--- DATA SUPPLIED ---
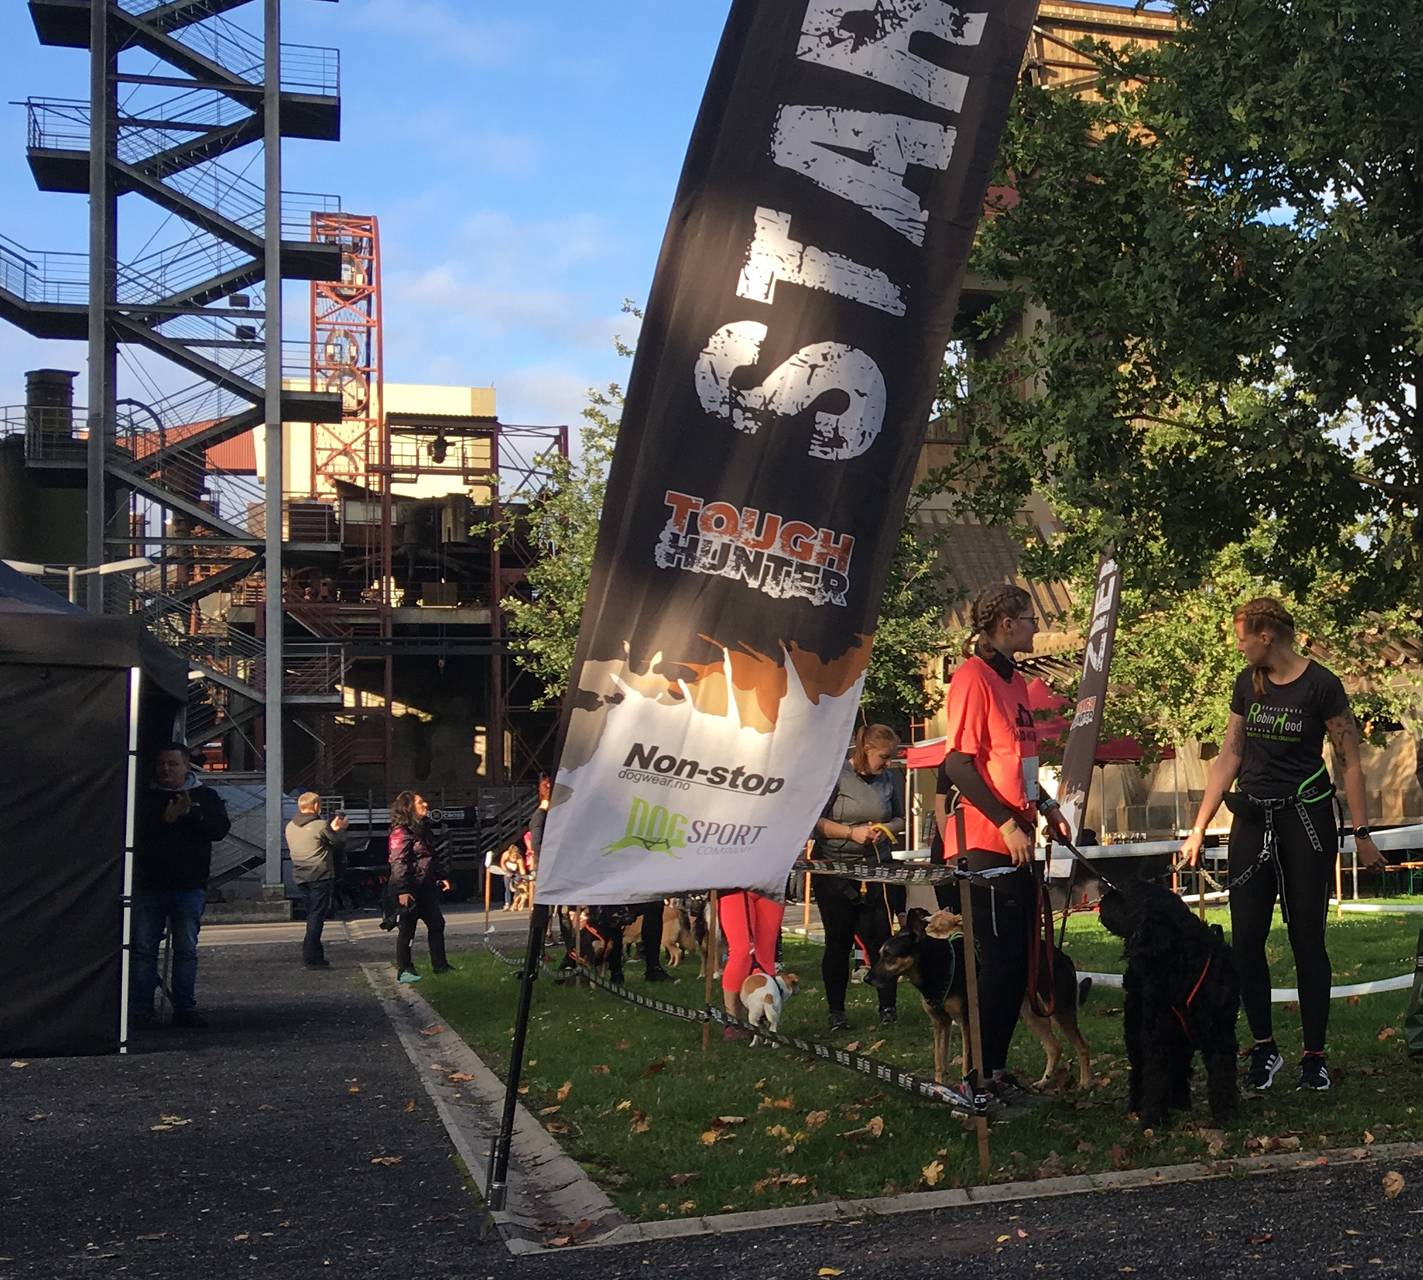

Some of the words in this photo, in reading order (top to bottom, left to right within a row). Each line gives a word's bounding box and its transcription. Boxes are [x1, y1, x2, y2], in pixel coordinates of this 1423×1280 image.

[664, 490, 855, 574] TOUGH
[656, 531, 850, 607] HUNTER
[1247, 703, 1275, 724] Robin
[1272, 713, 1302, 733] Hood
[618, 768, 691, 791] dogwear.no
[623, 743, 785, 796] Non-stop
[625, 795, 689, 848] DOG
[687, 820, 767, 846] SPORT
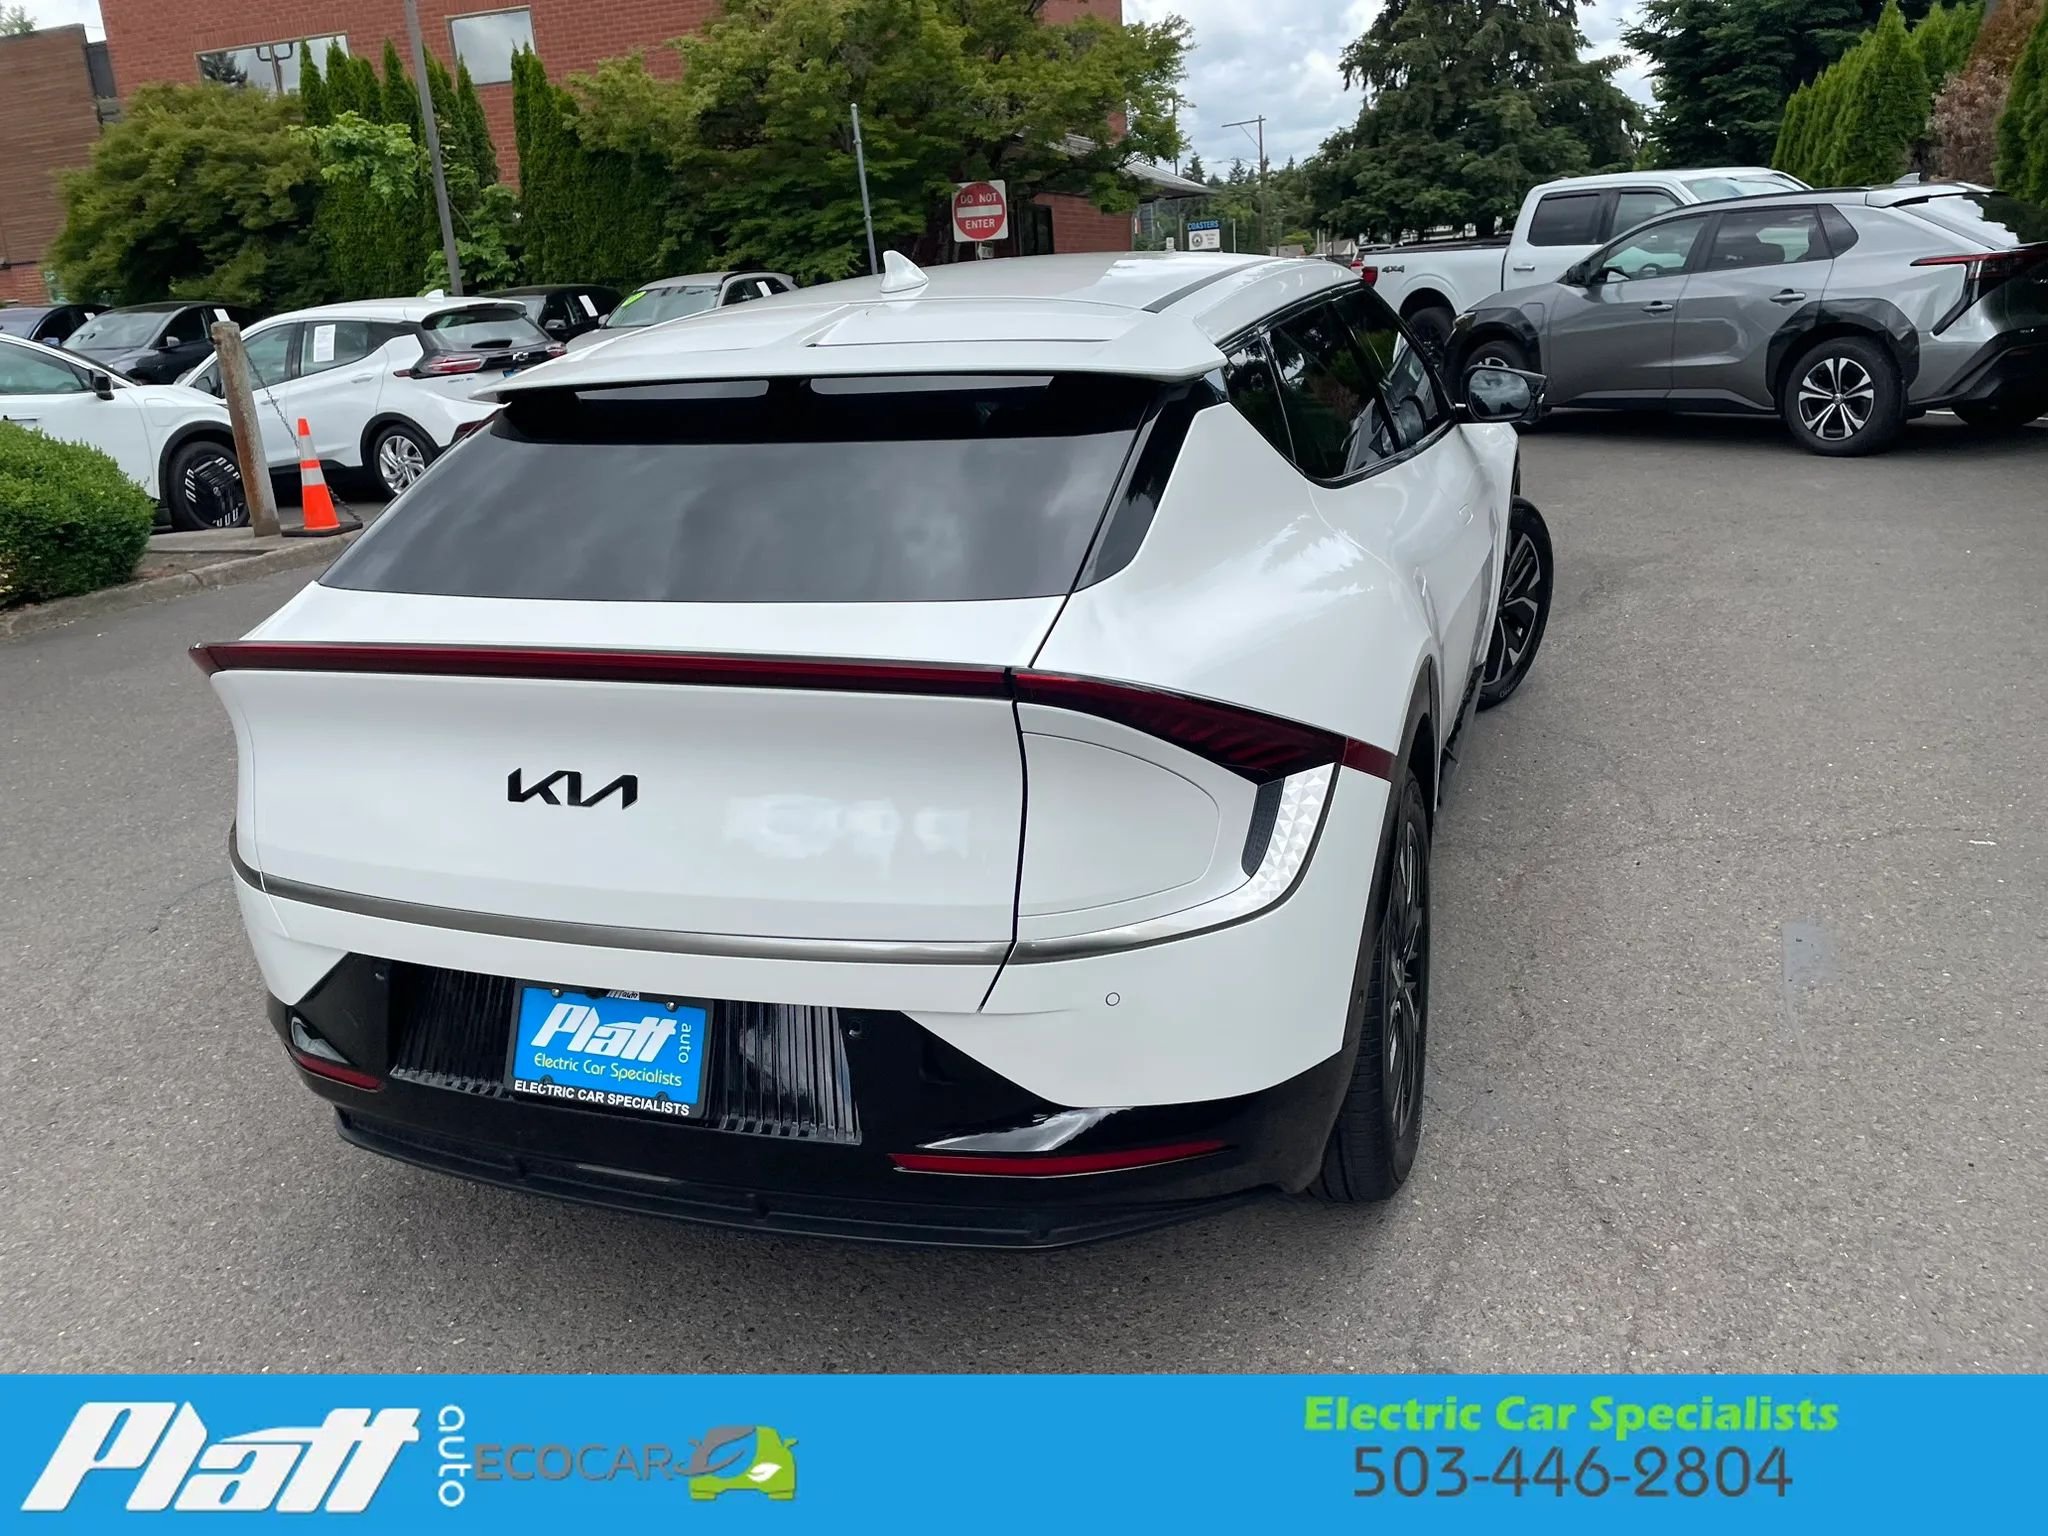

--- TASK DETAILS ---
Quote each entry above verbatim and drop the pictures.

--- REPLY TO THE TASK ---
Some of the words in this photo, in reading order (top to bottom, left to right within a row). Each line gives a word's bounding box and its transcription. Boxes are [x1, y1, x2, y2], in pixel coordinates of this 1423×1280 image.

[664, 490, 855, 574] TOUGH
[656, 531, 850, 607] HUNTER
[1247, 703, 1275, 724] Robin
[1272, 713, 1302, 733] Hood
[618, 768, 691, 791] dogwear.no
[623, 743, 785, 796] Non-stop
[625, 795, 689, 848] DOG
[687, 820, 767, 846] SPORT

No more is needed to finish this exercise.